Menelusuri Kerukunan Antarumat Beragama pada Empat Tempat Ibadah di Kota Tua Bandar Lampung

Menelusuri Kerukunan Antarumat Beragama pada Empat Tempat Ibadah di Kota Tua Bandar Lampung
Jamaah masjid saat akan melaksanakan shalat di Masjid Jami Al Anwar, Kelurahan Pesawahan, Telukbetung Selatan, Bandar Lampung. (Foto: NUO Lampung/Dian Ramadhan)
Jamaah masjid saat akan melaksanakan shalat di Masjid Jami Al Anwar, Kelurahan Pesawahan, Telukbetung Selatan, Bandar Lampung. (Foto: NUO Lampung/Dian Ramadhan)
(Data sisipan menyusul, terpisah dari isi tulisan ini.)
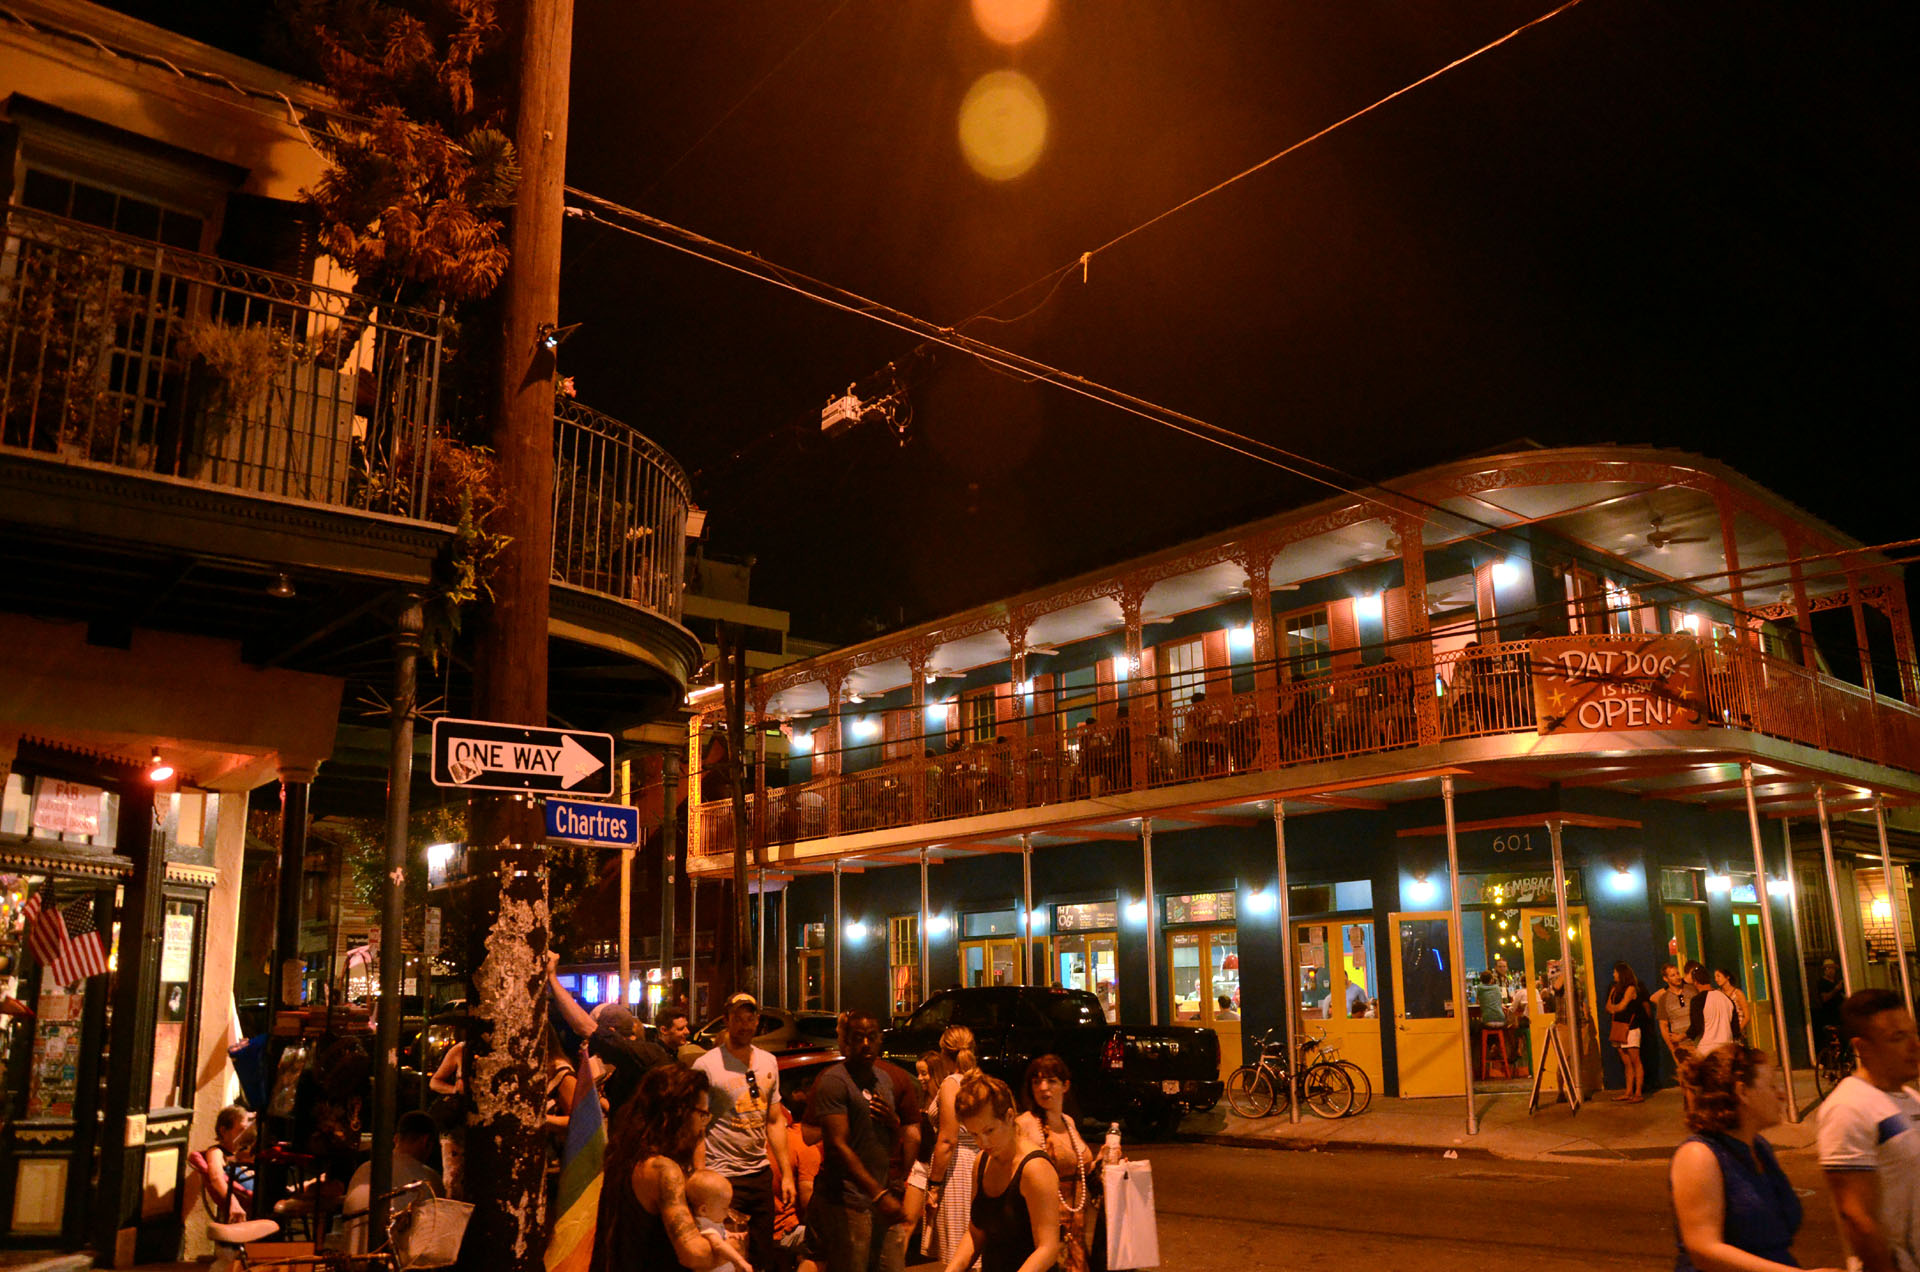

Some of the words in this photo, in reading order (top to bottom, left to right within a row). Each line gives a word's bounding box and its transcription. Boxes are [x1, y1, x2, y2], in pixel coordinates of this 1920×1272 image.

[1558, 650, 1619, 683] DAT
[1622, 650, 1677, 678] DOG
[1578, 696, 1672, 729] OPEN!
[455, 741, 504, 768] ONE
[513, 746, 562, 772] WAY
[555, 805, 628, 839] Chartres
[1492, 833, 1533, 853] 601
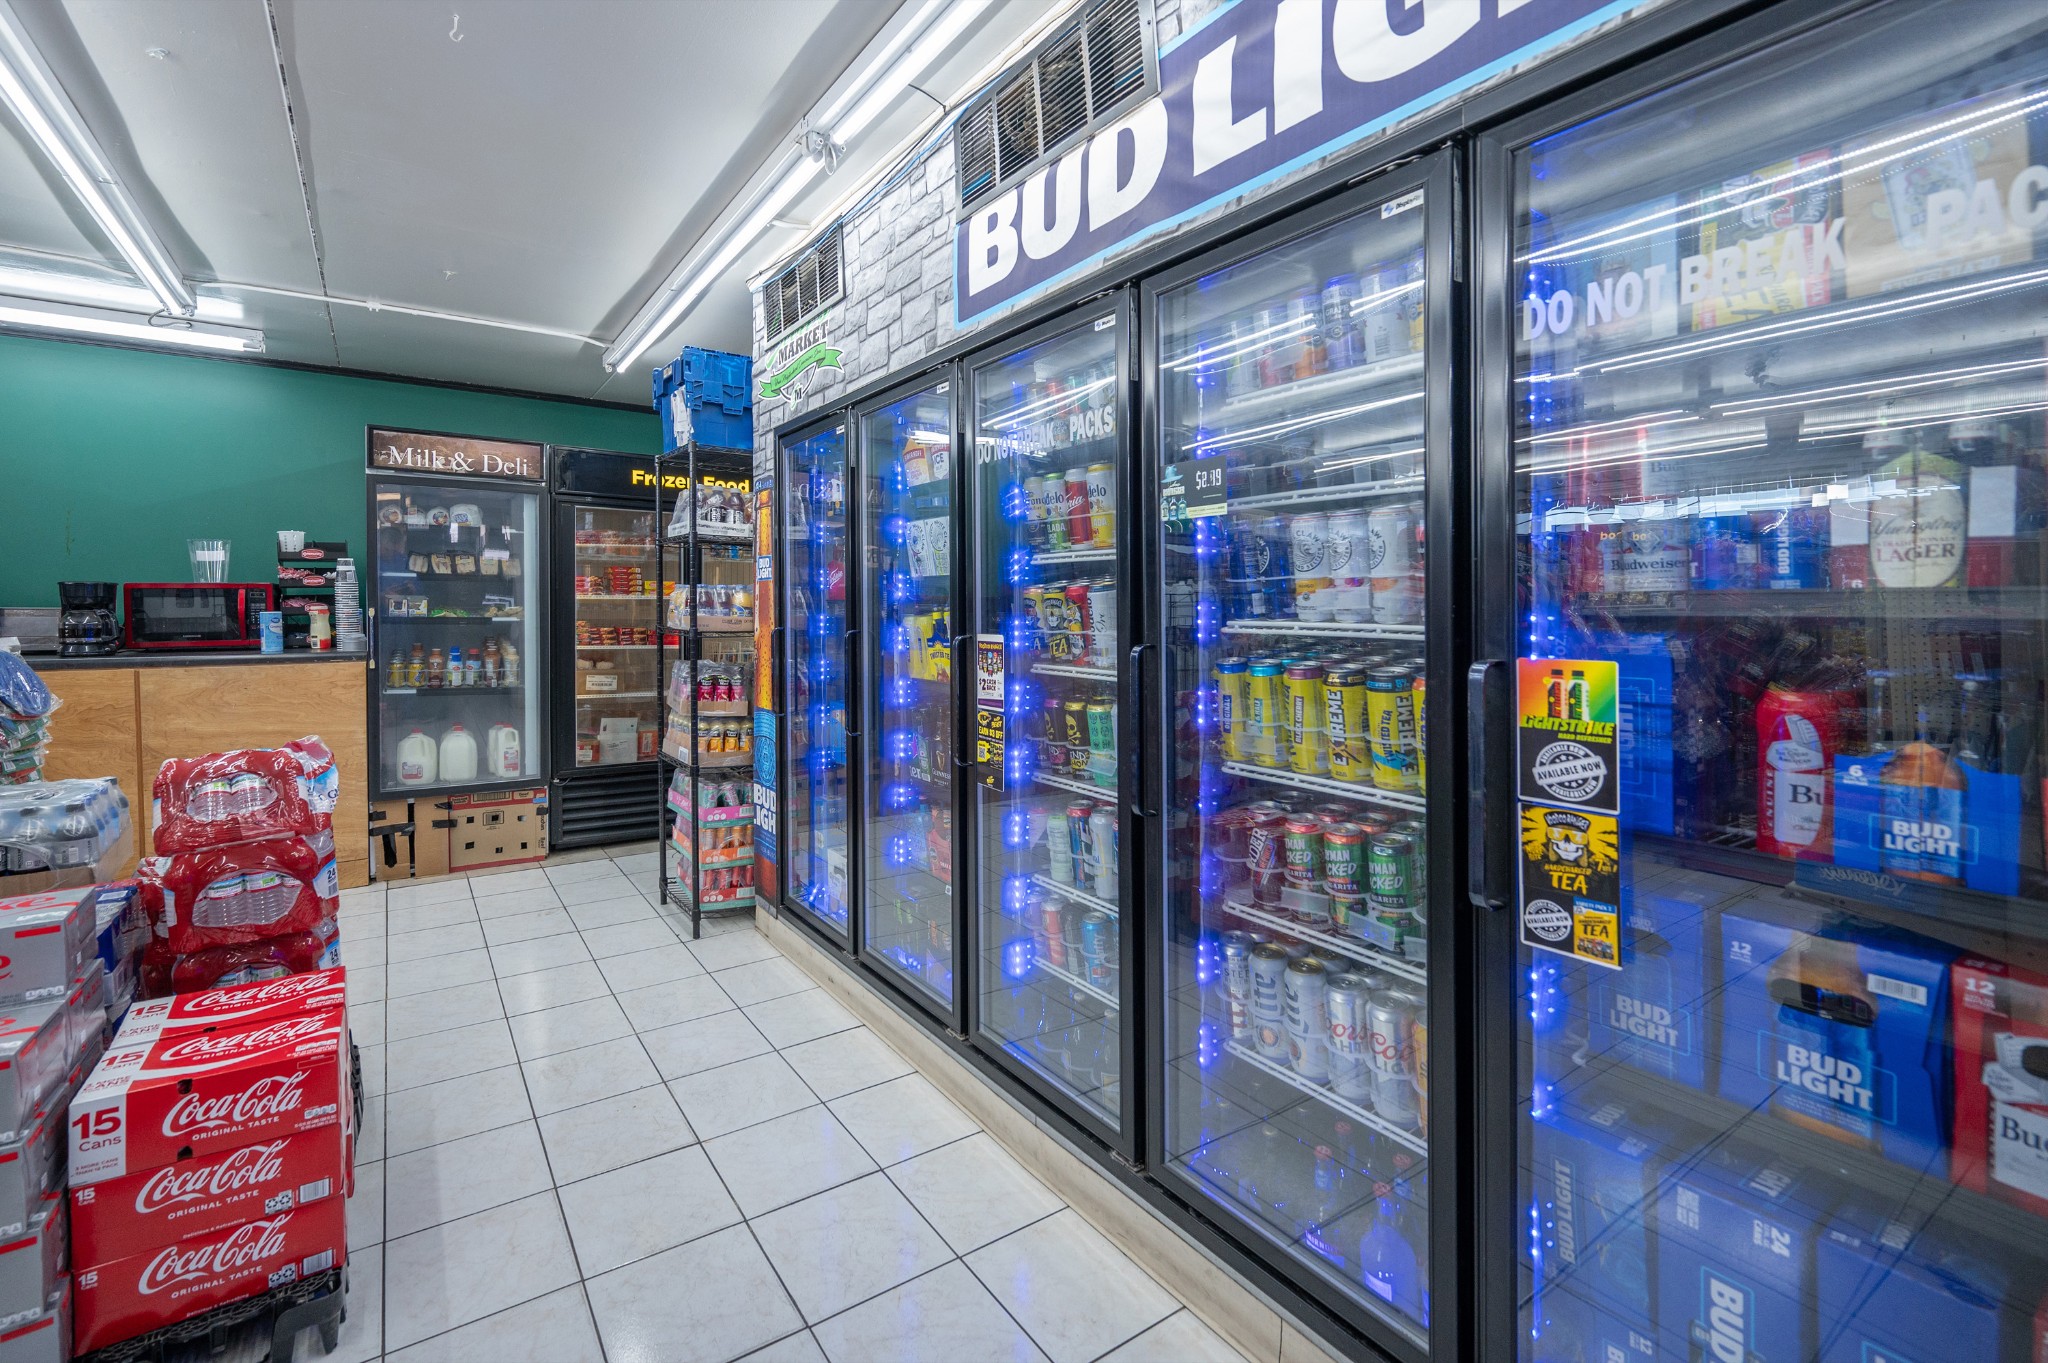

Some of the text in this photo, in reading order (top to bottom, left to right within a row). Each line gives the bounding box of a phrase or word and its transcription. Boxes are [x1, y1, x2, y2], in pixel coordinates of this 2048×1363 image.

[968, 0, 1542, 297] BUD LIG
[1523, 290, 1573, 341] DO
[1587, 265, 1666, 326] NOT
[1681, 216, 1846, 306] BREAK
[779, 321, 828, 365] MARKET
[1070, 405, 1114, 441] PACKS
[388, 446, 528, 476] Milk & Deli
[1611, 558, 1687, 572] Budweiser
[1877, 544, 1955, 562] LAGER
[1050, 638, 1067, 656] TEA
[1381, 710, 1393, 725] TEA
[1537, 761, 1602, 781] AVAILABLE NOW
[1849, 764, 1863, 777] 6
[1892, 819, 1953, 840] BUD
[1884, 833, 1961, 858] LIGHT
[327, 867, 336, 880] 24
[1549, 872, 1588, 895] TEA
[1527, 915, 1570, 925] AVAILABLE NOW
[1582, 923, 1610, 938] TEA
[330, 948, 338, 961] 24
[1730, 940, 1752, 956] 12
[183, 969, 339, 1012] Coca-Cola
[1965, 977, 1997, 996] 12
[129, 1003, 169, 1017] 15
[212, 990, 306, 1012] ORIGINAL TASTE
[1616, 994, 1671, 1025] BUD
[160, 1011, 336, 1062] Coca-Cola
[1610, 1009, 1679, 1047] LIGHT
[100, 1050, 145, 1067] 15
[192, 1037, 296, 1061] ORIGINAL TASTE
[1787, 1043, 1863, 1085] BUD
[1777, 1060, 1874, 1112] LIGHT
[161, 1069, 312, 1138] Coca-Cola
[72, 1107, 122, 1140] 15
[191, 1124, 245, 1141] ORIGINAL
[247, 1115, 280, 1129] TASTE
[79, 1135, 122, 1152] Cans
[135, 1138, 291, 1215] Coca-Cola
[76, 1187, 96, 1201] 15
[167, 1189, 260, 1220] ORIGINAL TASTE
[1555, 1160, 1577, 1265] BUD LIGHT
[137, 1211, 295, 1296] Coca-Cola
[1771, 1226, 1792, 1258] 24
[78, 1271, 99, 1286] 15
[171, 1265, 263, 1299] ORIGINAL TASTE
[1710, 1276, 1744, 1363] BUD
Kota Bandar Lampung mempunyai kawasan kota tua yang berada di Kecamatan Telukbetung Selatan. Kawasan ini sudah ada sejak tahun 1839, yang sejak dulu dikenal sebagai pusat perdagangan dan jasa yang merupakan cikal bakal terbentuknya Bandar Lampung sebagai ibu kota Provinsi Lampung, sebelum dipindah ke Tanjung Karang.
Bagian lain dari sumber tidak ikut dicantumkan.